[spark context / spark sql] unexpected disk IO activity after spark job finished but spark context has not

2019-03-22 Thread Chenghao
Hi, 

I have a SparkSQL workload and ran it as a batch job in two cases. In the
first case, I execute the workload, and stop the batch job after `.show()`
finished. In the second case, I executed the same workload, and called a
1-minute sleep `Thread.sleep(6)` before I stop its spark context and the
batch job. The time costs for the workload in two cases are similar but I
detected an unexpected DISKBUSY spike on the spark local file in the second
case by using a system monitor tool "nmon" as shown in my second figure.
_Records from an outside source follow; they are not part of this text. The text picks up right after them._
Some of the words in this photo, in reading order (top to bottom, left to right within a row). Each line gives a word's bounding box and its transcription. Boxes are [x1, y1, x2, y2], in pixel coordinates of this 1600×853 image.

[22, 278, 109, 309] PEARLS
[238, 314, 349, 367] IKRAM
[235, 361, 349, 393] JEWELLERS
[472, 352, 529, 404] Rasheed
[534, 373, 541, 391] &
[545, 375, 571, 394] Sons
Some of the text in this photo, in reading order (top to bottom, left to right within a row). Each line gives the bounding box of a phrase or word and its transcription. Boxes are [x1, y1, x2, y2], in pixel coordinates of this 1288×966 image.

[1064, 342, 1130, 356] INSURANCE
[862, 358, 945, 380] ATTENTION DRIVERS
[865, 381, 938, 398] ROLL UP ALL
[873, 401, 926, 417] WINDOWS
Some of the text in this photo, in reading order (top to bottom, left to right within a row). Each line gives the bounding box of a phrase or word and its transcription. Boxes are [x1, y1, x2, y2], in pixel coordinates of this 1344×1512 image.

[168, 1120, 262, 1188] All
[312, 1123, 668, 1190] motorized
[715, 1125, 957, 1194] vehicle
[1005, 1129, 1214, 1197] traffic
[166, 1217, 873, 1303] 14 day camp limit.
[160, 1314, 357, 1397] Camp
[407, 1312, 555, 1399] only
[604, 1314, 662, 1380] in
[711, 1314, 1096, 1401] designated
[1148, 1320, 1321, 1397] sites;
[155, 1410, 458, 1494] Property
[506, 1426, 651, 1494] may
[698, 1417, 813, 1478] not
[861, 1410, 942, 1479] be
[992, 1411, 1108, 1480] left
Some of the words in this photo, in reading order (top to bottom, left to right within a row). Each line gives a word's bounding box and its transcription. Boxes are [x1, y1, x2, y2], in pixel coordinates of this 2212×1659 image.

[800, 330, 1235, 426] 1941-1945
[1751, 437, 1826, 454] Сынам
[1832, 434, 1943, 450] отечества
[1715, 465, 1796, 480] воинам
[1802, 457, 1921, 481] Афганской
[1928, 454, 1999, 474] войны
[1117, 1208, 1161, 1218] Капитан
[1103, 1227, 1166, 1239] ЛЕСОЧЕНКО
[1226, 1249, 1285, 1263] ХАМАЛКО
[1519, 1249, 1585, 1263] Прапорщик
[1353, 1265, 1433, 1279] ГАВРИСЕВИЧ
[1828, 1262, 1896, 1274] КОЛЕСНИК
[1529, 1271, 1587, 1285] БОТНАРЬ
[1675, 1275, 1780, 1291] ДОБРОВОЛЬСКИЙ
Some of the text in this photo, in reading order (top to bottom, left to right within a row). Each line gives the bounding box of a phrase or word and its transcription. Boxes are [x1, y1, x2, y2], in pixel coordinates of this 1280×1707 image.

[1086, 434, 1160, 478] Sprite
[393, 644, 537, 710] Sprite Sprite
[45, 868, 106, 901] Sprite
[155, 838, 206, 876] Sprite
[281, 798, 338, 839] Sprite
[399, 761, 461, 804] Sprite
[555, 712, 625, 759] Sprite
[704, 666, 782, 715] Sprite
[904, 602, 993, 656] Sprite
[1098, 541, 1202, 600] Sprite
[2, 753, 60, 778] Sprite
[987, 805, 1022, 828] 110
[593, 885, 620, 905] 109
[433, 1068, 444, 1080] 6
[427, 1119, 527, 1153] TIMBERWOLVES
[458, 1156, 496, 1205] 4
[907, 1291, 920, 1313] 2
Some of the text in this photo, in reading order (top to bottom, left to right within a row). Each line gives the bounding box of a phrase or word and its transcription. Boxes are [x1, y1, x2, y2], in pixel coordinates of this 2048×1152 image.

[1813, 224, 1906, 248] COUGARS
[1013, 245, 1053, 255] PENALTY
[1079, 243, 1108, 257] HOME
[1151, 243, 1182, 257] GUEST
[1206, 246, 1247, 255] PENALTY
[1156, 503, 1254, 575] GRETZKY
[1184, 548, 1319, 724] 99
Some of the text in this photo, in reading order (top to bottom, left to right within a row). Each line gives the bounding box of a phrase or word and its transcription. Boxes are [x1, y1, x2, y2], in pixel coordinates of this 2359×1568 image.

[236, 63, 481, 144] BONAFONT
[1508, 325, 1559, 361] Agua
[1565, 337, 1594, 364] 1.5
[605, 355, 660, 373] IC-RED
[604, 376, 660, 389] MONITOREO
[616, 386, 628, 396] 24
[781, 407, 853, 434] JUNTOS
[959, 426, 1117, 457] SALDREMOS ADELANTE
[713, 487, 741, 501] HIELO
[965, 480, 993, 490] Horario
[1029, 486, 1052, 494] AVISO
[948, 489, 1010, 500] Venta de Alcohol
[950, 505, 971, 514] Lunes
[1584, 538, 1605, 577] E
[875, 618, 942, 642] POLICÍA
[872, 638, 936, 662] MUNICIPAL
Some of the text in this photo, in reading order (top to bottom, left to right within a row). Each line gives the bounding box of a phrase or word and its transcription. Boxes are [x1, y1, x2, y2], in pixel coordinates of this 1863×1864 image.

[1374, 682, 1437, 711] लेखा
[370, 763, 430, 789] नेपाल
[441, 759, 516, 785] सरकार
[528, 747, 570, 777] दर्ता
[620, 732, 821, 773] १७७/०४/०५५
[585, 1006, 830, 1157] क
Could anyone help explain the reason of the disk spike and how to avoid it?
Does spark context have some periodical async IO activities that lead to the
spikes?

System Background: 
1. Spark 2.3.1, Hadoop 2.9.1, Hive 2.3.4 for metadata storage. 
2. One master and two worker nodes. Each node has enough available resources
(32 cores, 750G memory and 8 8-T disks from disk1 to disk8).
3. The HDFS is deployed on disk8; the disk1 is used for the spark shuffle
writing local storage.
4. I use Yarn client mode for resource management.
5. There is no other big application running in the backend.

Current Analysis:
1. The spike is not caused by the disk itself and other background
processes. I tried disk2, disk3, disk4, and disk8 for yarn local storage for
testing whether the spike is related to the program and the answer is yes.
It shows the same spikes every time I executed case 2.
2. The spike is caused by Spark itself. I tried the standalone deploy mode
and the spike still exists.
3. It might be relevant to shuffle size. The total shuffle writing size of
the target batch job is close to 2GB. Different workloads with shuffle
writing size close to 1MB, 250MB, and 1GB are also tried. The DISKBUSY
becomes negligible for the batch job with shuffling write size 1MB and
becomes up to 80% for the batch job with the total shuffling write size
250MB.
4. The disk spike might be for disk swap. The size of the local storage file
is traced. When disk spike appears, disk writing is detected but the disk
size does not increase -- So it might be doing some disk swap? 

Case 1:

 
Case 2:

 

To be more clear for the figures, the /worker1 node local/ and /worker2 node
local/ stand for the disk1 in worker1 and worker2 resp.; the /worker1 node
dfs/ and /worker2 node dfs/ stand for the disk8 in worker1 and worker2
resp., where HDFS locates. The left y-axis is the diskbusy (from 0% to 100%)
detected by nmon and the right y-axis is the size of the directory for hdfs
in disk8 (which we can just ignore for this problem).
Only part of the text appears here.